С громким шипением он отдернул руку, словно коснулся раскаленной печи. Камень выпал из его пальцев и с глухим стуком ударился о пол. Валаам смотрел то на свою покрасневшую ладонь, то на меня, и в его глазах впервые за все время я увидел не праведный гнев, а страх. Чистый, первобытный страх перед неизвестным.
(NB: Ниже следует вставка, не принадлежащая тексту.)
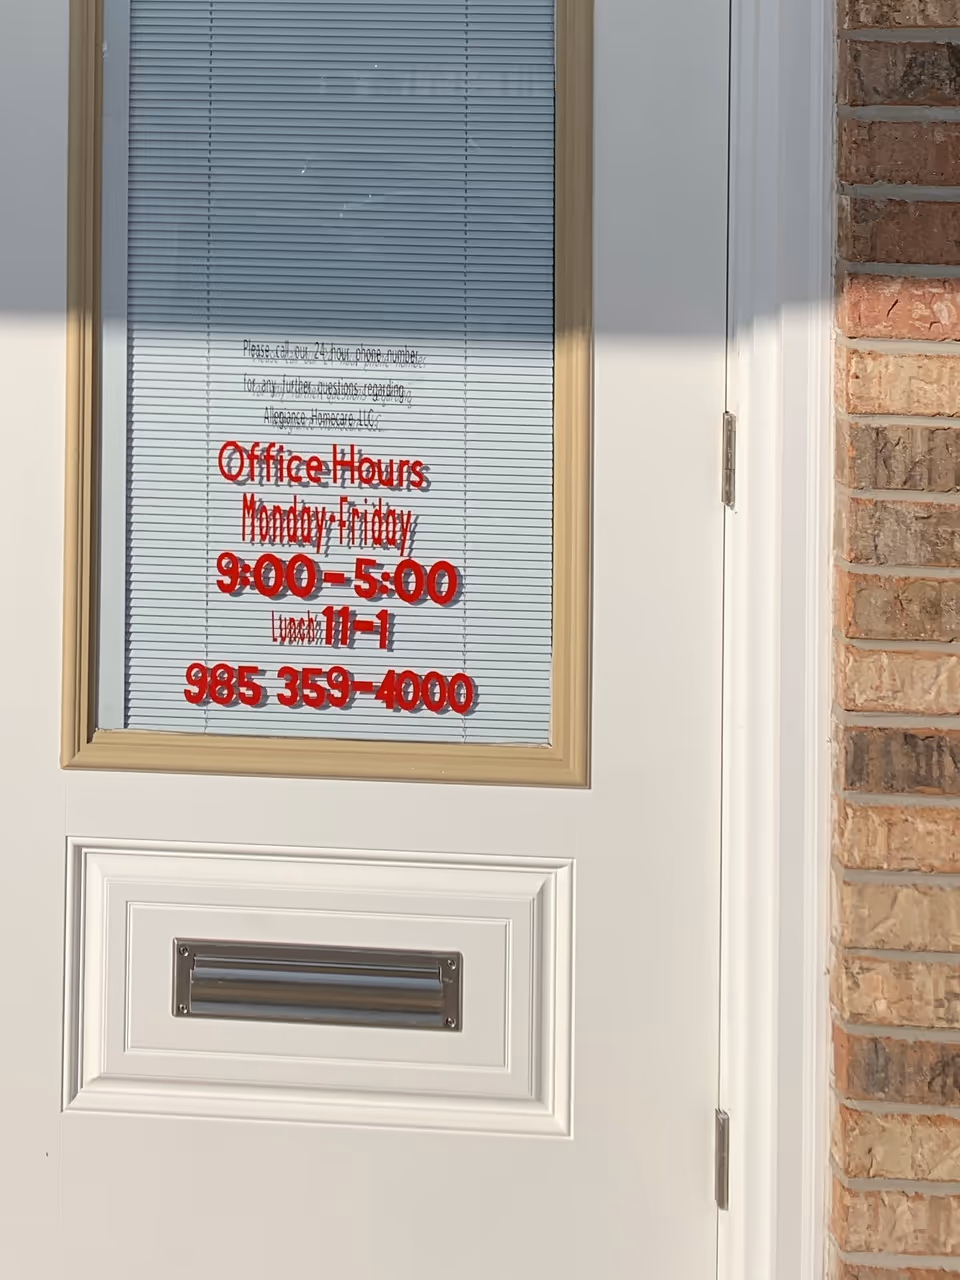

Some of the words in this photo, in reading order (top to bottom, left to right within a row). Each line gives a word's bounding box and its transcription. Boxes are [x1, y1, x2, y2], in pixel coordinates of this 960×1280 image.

[243, 338, 270, 359] Please
[275, 340, 290, 359] call
[295, 345, 309, 360] our
[330, 342, 350, 362] hour
[355, 343, 382, 365] phone
[387, 345, 419, 364] number
[243, 373, 256, 393] for
[262, 379, 277, 398] any
[282, 374, 312, 395] further
[317, 377, 359, 400] questions
[363, 379, 405, 404] regarding
[263, 406, 306, 430] Allegiance
[311, 408, 354, 427] Homecare
[217, 440, 324, 484] Office
[331, 443, 425, 489] Hours
[271, 609, 316, 643] Lunch
[321, 605, 389, 650] 11-1
[183, 662, 262, 707] 985
[276, 665, 474, 716] 359-4000
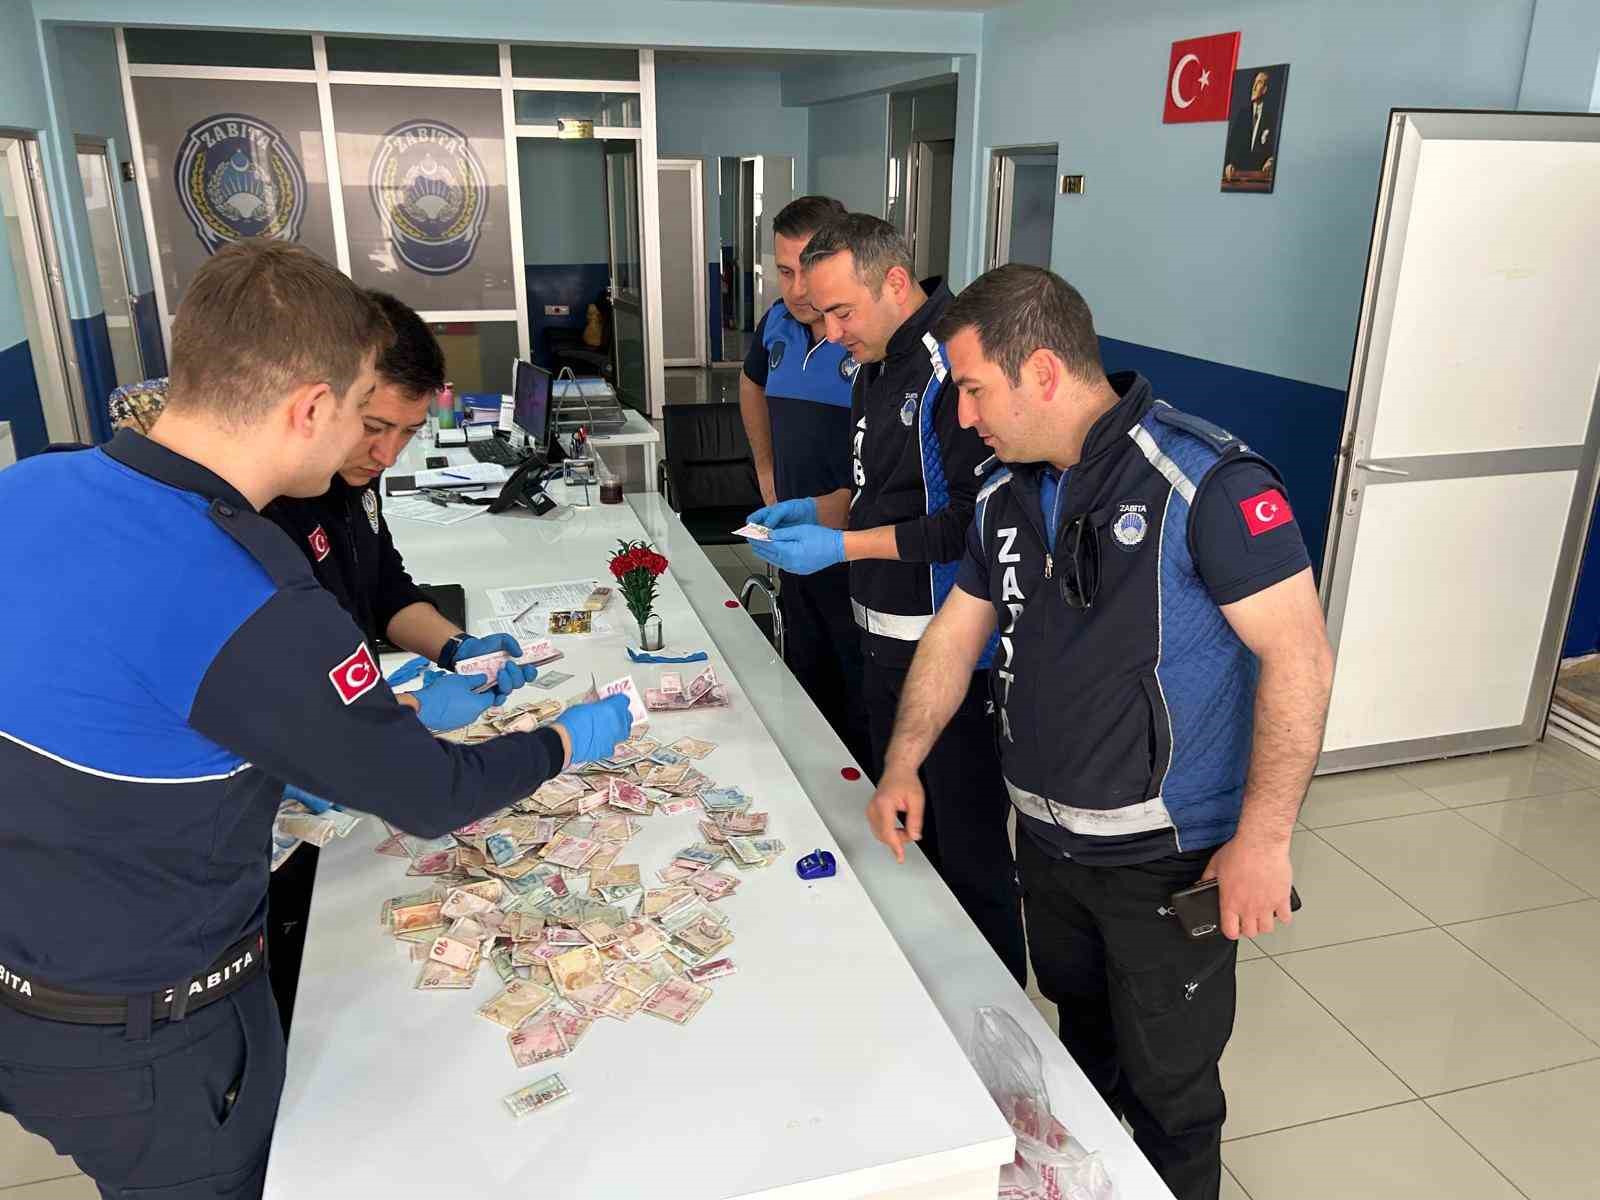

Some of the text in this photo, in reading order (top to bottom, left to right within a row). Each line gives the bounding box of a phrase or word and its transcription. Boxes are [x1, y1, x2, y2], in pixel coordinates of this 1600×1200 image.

[201, 122, 270, 148] ZABITA
[394, 127, 457, 153] ZABITA
[1119, 503, 1147, 513] ZABITA
[997, 527, 1026, 743] ZABITA
— Невозможно… — прошептал он. — Он должен был испепелить твою скверну, а не… питаться ею.

Пару мгновений была тишина и он и я пытались осознать произошедшее.
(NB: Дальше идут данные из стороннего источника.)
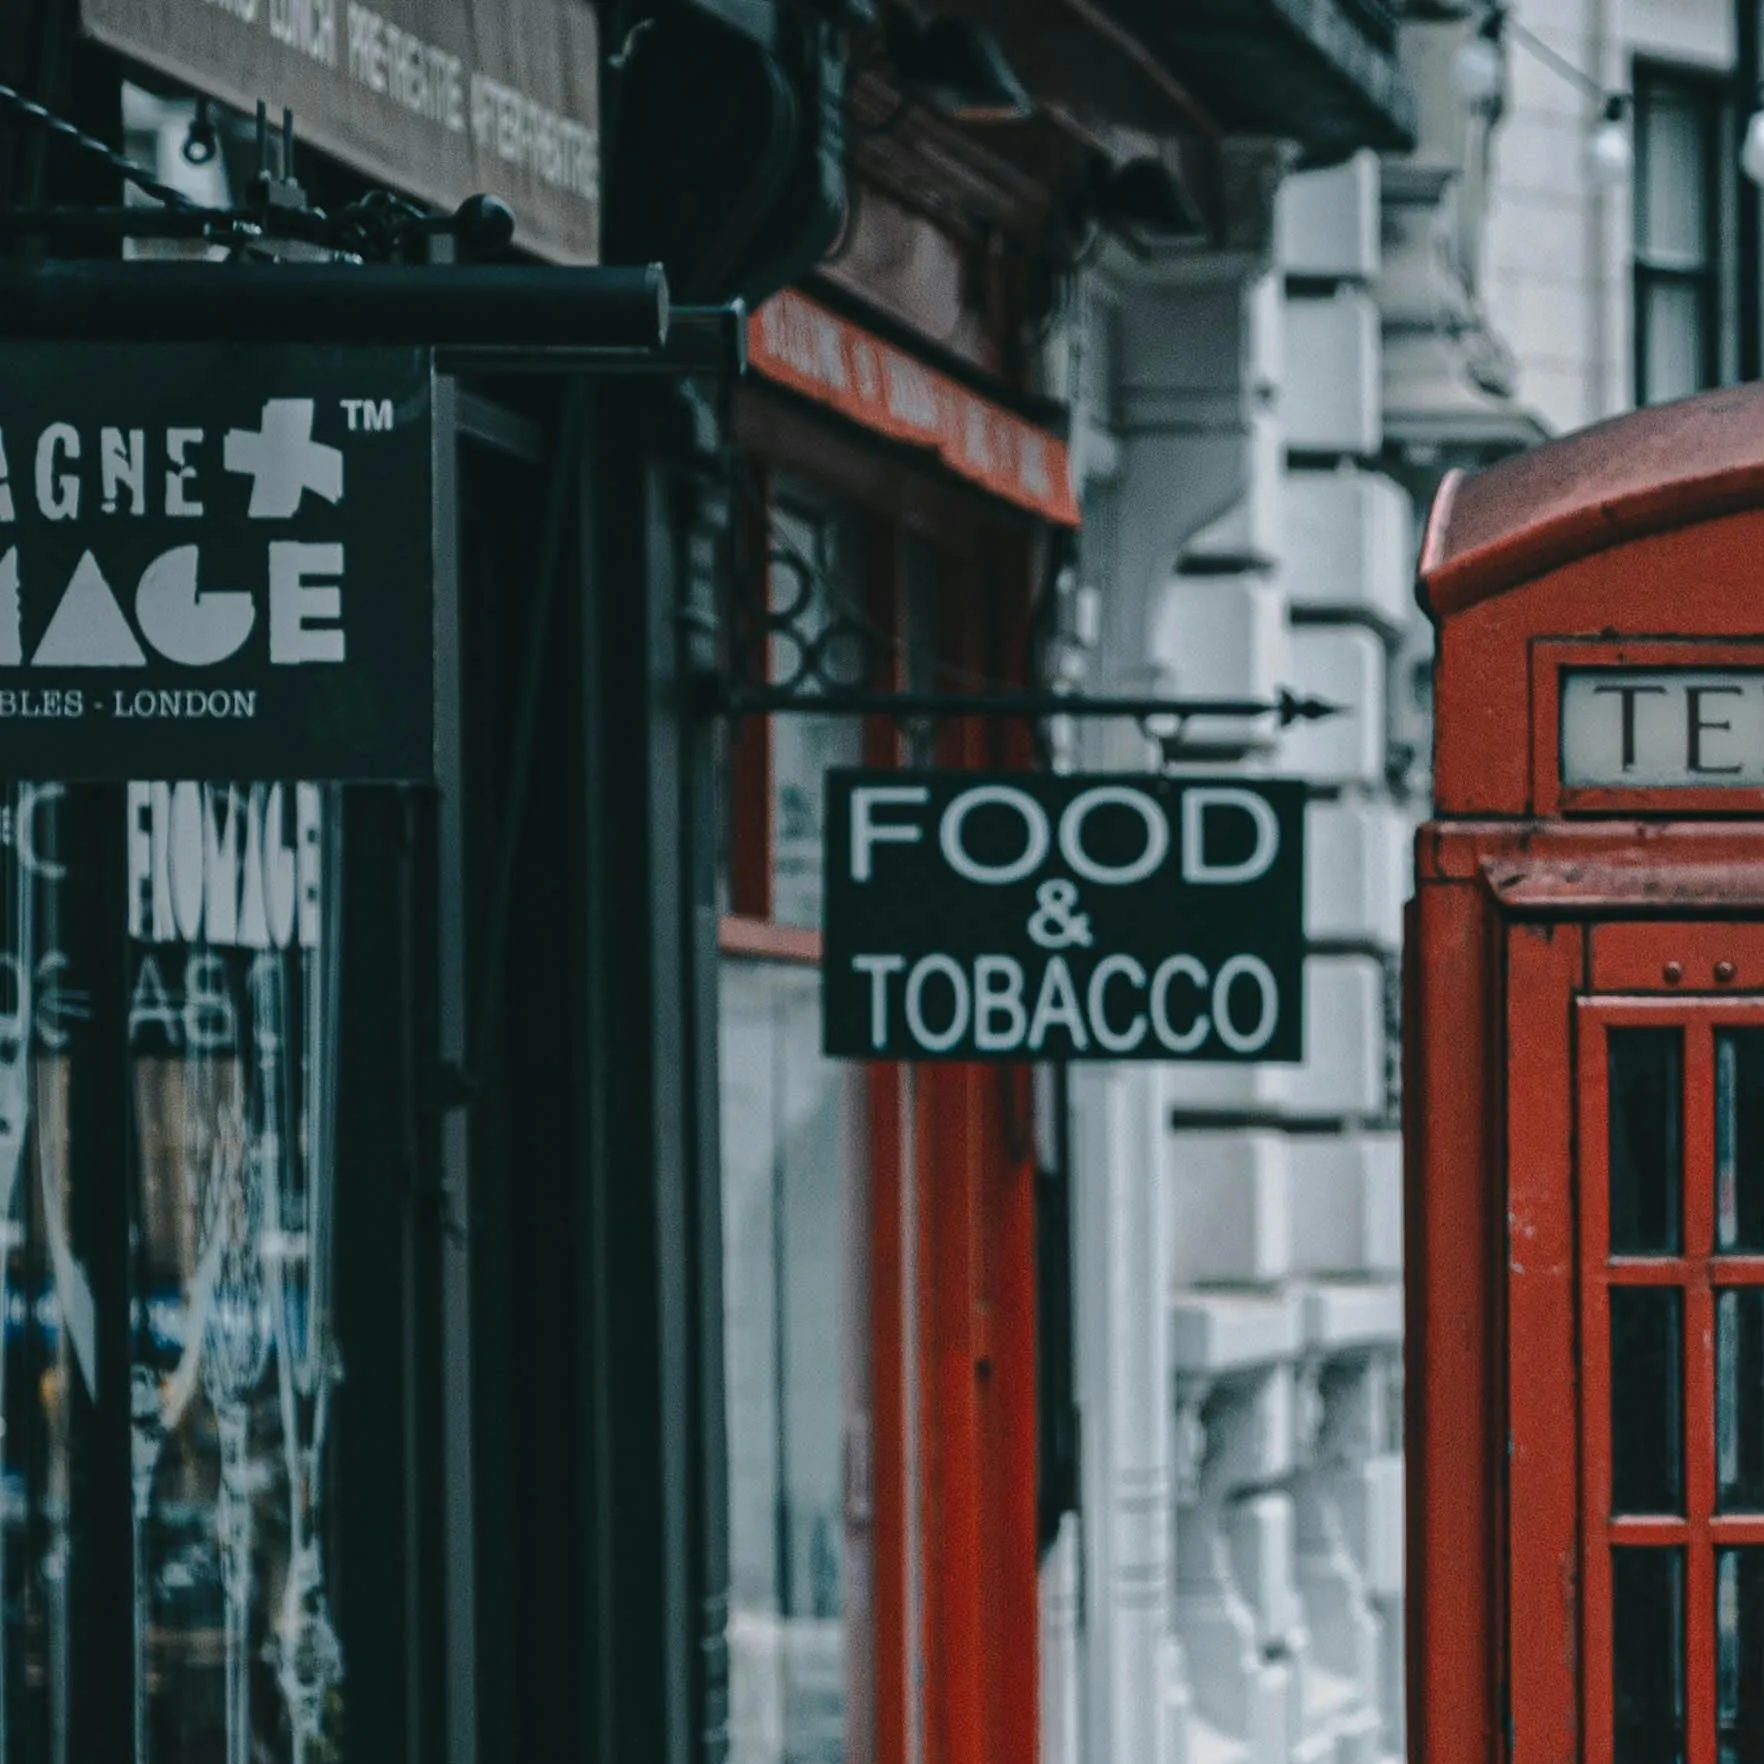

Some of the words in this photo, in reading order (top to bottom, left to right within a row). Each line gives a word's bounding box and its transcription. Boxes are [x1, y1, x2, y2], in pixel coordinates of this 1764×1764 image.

Валаам открыл было рот, чтобы отдать приказ, но осекся. Ярость в его глазах боролась с суеверным страхом. Наконец, он принял решение.

— Стерегите его, — глухо приказал он своим помощникам. — Ничего не предпринимать до моего возвращения.

Не говоря больше ни слова и даже не взглянув на меня резко развернулся и покинул камеру. Двое монахов, обменявшись тревожными взглядами, заняли посты у двери, не спуская с меня глаз.

Тяжелая дверь захлопнулась. Лязгнул засов.

Я закрыл глаза, опустив голову на грудь, чтобы выглядеть полностью побежденным. Но внутри началась война. Я сосредоточился на ближайшей руне и начал тянуть. Боль была мгновенной и острой. По плечу пробежала мелкая дрожь.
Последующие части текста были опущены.